(Collected data)
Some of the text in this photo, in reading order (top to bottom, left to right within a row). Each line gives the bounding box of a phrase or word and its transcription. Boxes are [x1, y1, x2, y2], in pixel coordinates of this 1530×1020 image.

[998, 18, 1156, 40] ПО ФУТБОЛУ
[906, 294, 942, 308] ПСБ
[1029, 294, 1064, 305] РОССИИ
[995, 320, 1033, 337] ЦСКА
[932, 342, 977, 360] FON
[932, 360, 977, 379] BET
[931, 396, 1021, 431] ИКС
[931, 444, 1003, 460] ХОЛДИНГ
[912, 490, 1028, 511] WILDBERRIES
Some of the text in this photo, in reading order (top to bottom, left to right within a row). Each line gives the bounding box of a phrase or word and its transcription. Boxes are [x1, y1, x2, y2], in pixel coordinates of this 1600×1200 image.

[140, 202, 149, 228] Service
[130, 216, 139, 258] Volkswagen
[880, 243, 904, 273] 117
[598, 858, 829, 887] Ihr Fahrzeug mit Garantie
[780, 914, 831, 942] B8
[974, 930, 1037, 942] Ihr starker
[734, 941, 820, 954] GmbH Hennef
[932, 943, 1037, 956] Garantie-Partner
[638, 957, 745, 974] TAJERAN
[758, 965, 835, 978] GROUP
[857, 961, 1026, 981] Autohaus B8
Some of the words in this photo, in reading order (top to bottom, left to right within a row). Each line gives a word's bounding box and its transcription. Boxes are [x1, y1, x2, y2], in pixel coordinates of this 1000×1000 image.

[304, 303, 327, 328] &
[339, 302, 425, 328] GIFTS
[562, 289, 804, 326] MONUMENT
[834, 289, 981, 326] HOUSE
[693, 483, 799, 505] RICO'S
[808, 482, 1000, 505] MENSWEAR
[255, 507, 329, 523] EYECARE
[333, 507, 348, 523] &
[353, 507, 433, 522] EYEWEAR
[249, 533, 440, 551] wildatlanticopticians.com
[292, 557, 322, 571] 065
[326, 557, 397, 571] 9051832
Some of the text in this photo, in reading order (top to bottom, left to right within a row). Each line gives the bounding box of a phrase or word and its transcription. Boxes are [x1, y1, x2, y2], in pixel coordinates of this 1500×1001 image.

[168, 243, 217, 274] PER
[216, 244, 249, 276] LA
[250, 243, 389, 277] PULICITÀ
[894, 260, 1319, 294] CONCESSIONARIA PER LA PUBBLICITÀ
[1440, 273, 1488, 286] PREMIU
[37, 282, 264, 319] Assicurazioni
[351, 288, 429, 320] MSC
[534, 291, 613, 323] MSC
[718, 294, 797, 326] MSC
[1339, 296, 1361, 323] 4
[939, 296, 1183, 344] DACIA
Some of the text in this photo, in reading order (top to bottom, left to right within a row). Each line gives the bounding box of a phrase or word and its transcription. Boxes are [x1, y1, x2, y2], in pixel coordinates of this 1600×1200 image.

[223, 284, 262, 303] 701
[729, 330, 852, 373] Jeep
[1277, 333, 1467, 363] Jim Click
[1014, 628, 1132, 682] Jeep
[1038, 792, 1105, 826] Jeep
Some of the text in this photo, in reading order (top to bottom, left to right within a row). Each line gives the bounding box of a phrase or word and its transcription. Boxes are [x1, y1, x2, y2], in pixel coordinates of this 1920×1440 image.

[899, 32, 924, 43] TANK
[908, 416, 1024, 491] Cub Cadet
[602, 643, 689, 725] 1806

Task instructions | Every line above is to be transcribed exactly, with nothing dropped.

Your response |
Some of the text in this photo, in reading order (top to bottom, left to right within a row). Each line gives the bounding box of a phrase or word and its transcription. Boxes are [x1, y1, x2, y2], in pixel coordinates of this 1530×1020 image.

[998, 18, 1156, 40] ПО ФУТБОЛУ
[906, 294, 942, 308] ПСБ
[1029, 294, 1064, 305] РОССИИ
[995, 320, 1033, 337] ЦСКА
[932, 342, 977, 360] FON
[932, 360, 977, 379] BET
[931, 396, 1021, 431] ИКС
[931, 444, 1003, 460] ХОЛДИНГ
[912, 490, 1028, 511] WILDBERRIES
Some of the text in this photo, in reading order (top to bottom, left to right within a row). Each line gives the bounding box of a phrase or word and its transcription. Boxes are [x1, y1, x2, y2], in pixel coordinates of this 1600×1200 image.

[140, 202, 149, 228] Service
[130, 216, 139, 258] Volkswagen
[880, 243, 904, 273] 117
[598, 858, 829, 887] Ihr Fahrzeug mit Garantie
[780, 914, 831, 942] B8
[974, 930, 1037, 942] Ihr starker
[734, 941, 820, 954] GmbH Hennef
[932, 943, 1037, 956] Garantie-Partner
[638, 957, 745, 974] TAJERAN
[758, 965, 835, 978] GROUP
[857, 961, 1026, 981] Autohaus B8
Some of the words in this photo, in reading order (top to bottom, left to right within a row). Each line gives a word's bounding box and its transcription. Boxes are [x1, y1, x2, y2], in pixel coordinates of this 1000×1000 image.

[304, 303, 327, 328] &
[339, 302, 425, 328] GIFTS
[562, 289, 804, 326] MONUMENT
[834, 289, 981, 326] HOUSE
[693, 483, 799, 505] RICO'S
[808, 482, 1000, 505] MENSWEAR
[255, 507, 329, 523] EYECARE
[333, 507, 348, 523] &
[353, 507, 433, 522] EYEWEAR
[249, 533, 440, 551] wildatlanticopticians.com
[292, 557, 322, 571] 065
[326, 557, 397, 571] 9051832
Some of the text in this photo, in reading order (top to bottom, left to right within a row). Each line gives the bounding box of a phrase or word and its transcription. Boxes are [x1, y1, x2, y2], in pixel coordinates of this 1500×1001 image.

[168, 243, 217, 274] PER
[216, 244, 249, 276] LA
[250, 243, 389, 277] PULICITÀ
[894, 260, 1319, 294] CONCESSIONARIA PER LA PUBBLICITÀ
[1440, 273, 1488, 286] PREMIU
[37, 282, 264, 319] Assicurazioni
[351, 288, 429, 320] MSC
[534, 291, 613, 323] MSC
[718, 294, 797, 326] MSC
[1339, 296, 1361, 323] 4
[939, 296, 1183, 344] DACIA
Some of the text in this photo, in reading order (top to bottom, left to right within a row). Each line gives the bounding box of a phrase or word and its transcription. Boxes are [x1, y1, x2, y2], in pixel coordinates of this 1600×1200 image.

[223, 284, 262, 303] 701
[729, 330, 852, 373] Jeep
[1277, 333, 1467, 363] Jim Click
[1014, 628, 1132, 682] Jeep
[1038, 792, 1105, 826] Jeep
Some of the text in this photo, in reading order (top to bottom, left to right within a row). Each line gives the bounding box of a phrase or word and its transcription. Boxes are [x1, y1, x2, y2], in pixel coordinates of this 1920×1440 image.

[899, 32, 924, 43] TANK
[908, 416, 1024, 491] Cub Cadet
[602, 643, 689, 725] 1806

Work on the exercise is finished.